# The problem:
Quote all entries exactly, leaving pictures aside.

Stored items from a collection
_ _ _ _

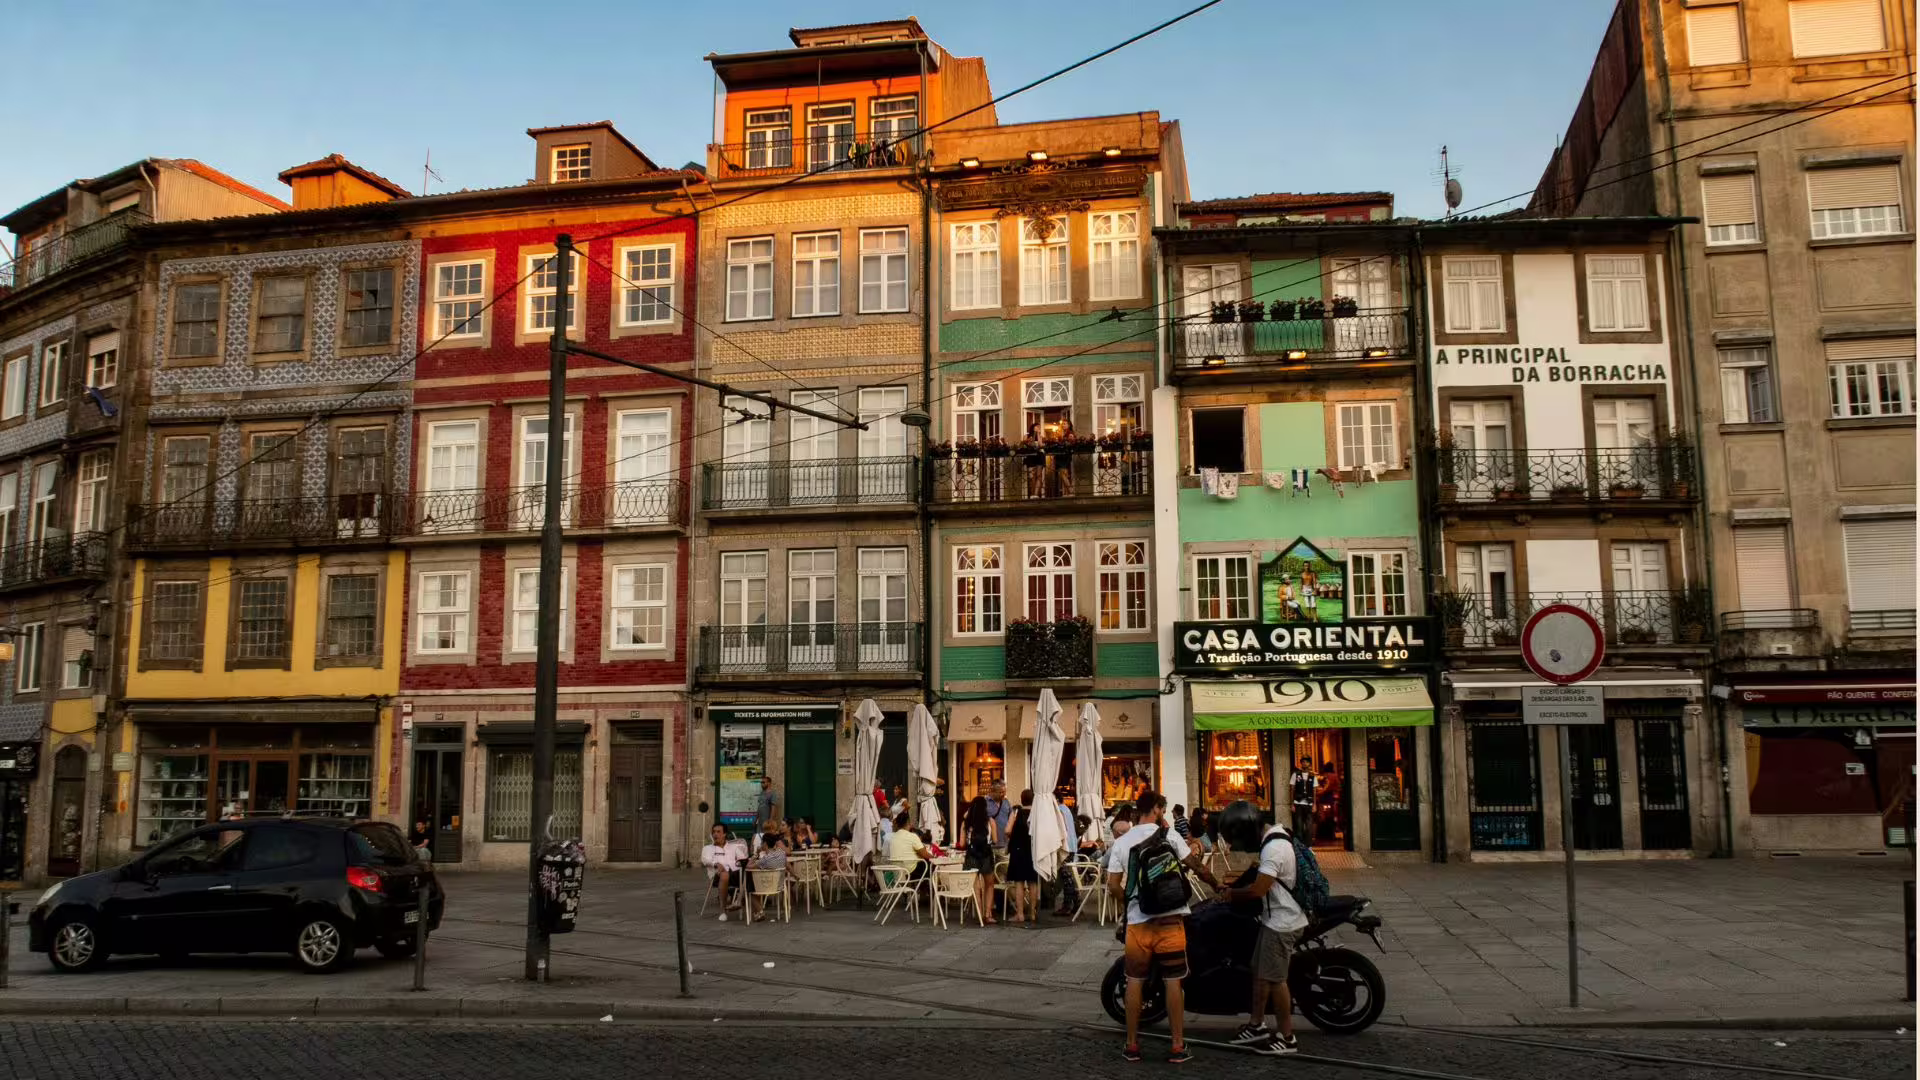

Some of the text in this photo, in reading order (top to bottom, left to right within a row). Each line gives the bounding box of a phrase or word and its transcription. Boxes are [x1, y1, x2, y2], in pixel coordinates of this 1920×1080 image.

[1436, 347, 1571, 365] A PRINCIPAL
[1512, 364, 1667, 383] DA BORRACHA
[1183, 625, 1425, 651] CASA ORIENTAL
[1195, 649, 1409, 665] A Tradição Portuguesa desde 1910
[1255, 679, 1377, 707] 1910
[1846, 691, 1877, 699] QUENTE
[1248, 713, 1391, 725] A CONSERVEIRA DO PORTO
[1769, 704, 1916, 723] Muralh
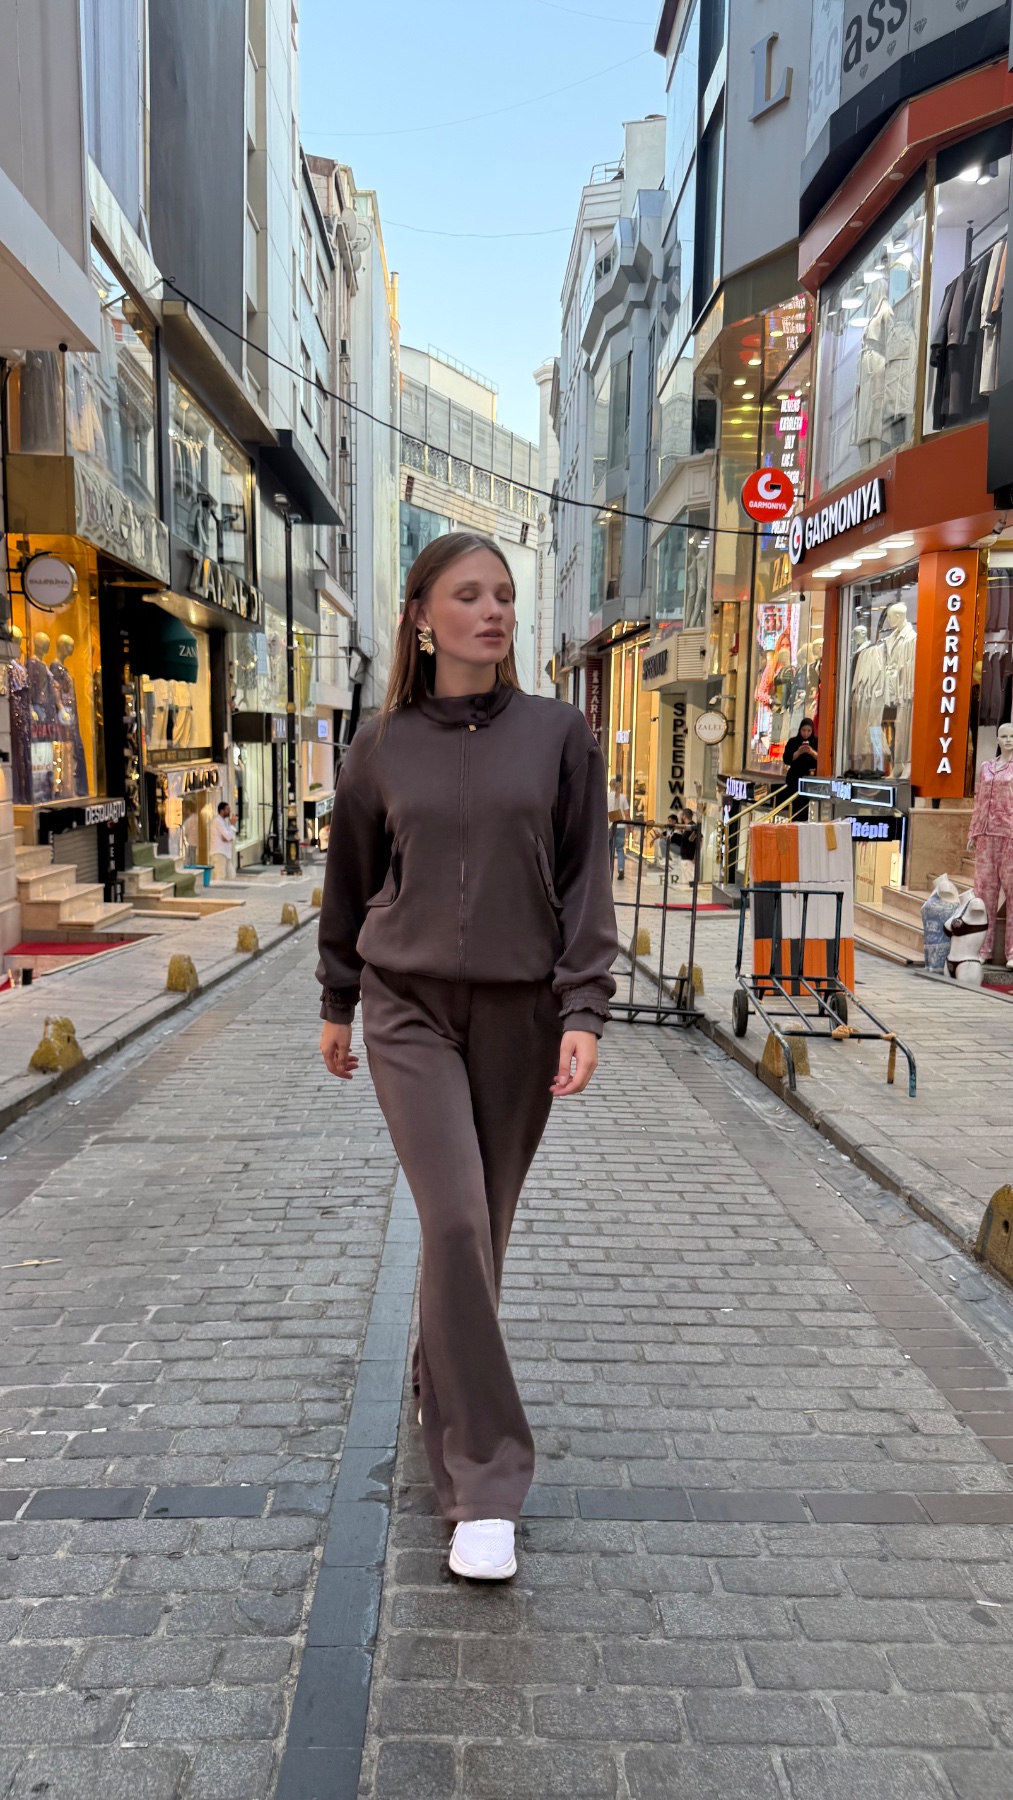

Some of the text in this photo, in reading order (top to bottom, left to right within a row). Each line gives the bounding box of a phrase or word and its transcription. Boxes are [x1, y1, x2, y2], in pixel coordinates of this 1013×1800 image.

[749, 501, 787, 510] GARMONIYA
[805, 478, 882, 550] GARMONIYA
[937, 594, 961, 774] GARMONIYA
[668, 703, 685, 810] SPEEDWA
[852, 822, 889, 839] Répit

_ _ _ _

# Exercise output:
Some of the text in this photo, in reading order (top to bottom, left to right within a row). Each line gives the bounding box of a phrase or word and its transcription. Boxes are [x1, y1, x2, y2], in pixel coordinates of this 1920×1080 image.

[1436, 347, 1571, 365] A PRINCIPAL
[1512, 364, 1667, 383] DA BORRACHA
[1183, 625, 1425, 651] CASA ORIENTAL
[1195, 649, 1409, 665] A Tradição Portuguesa desde 1910
[1255, 679, 1377, 707] 1910
[1846, 691, 1877, 699] QUENTE
[1248, 713, 1391, 725] A CONSERVEIRA DO PORTO
[1769, 704, 1916, 723] Muralh

Some of the text in this photo, in reading order (top to bottom, left to right within a row). Each line gives the bounding box of a phrase or word and its transcription. Boxes are [x1, y1, x2, y2], in pixel coordinates of this 1013×1800 image.

[749, 501, 787, 510] GARMONIYA
[805, 478, 882, 550] GARMONIYA
[937, 594, 961, 774] GARMONIYA
[668, 703, 685, 810] SPEEDWA
[852, 822, 889, 839] Répit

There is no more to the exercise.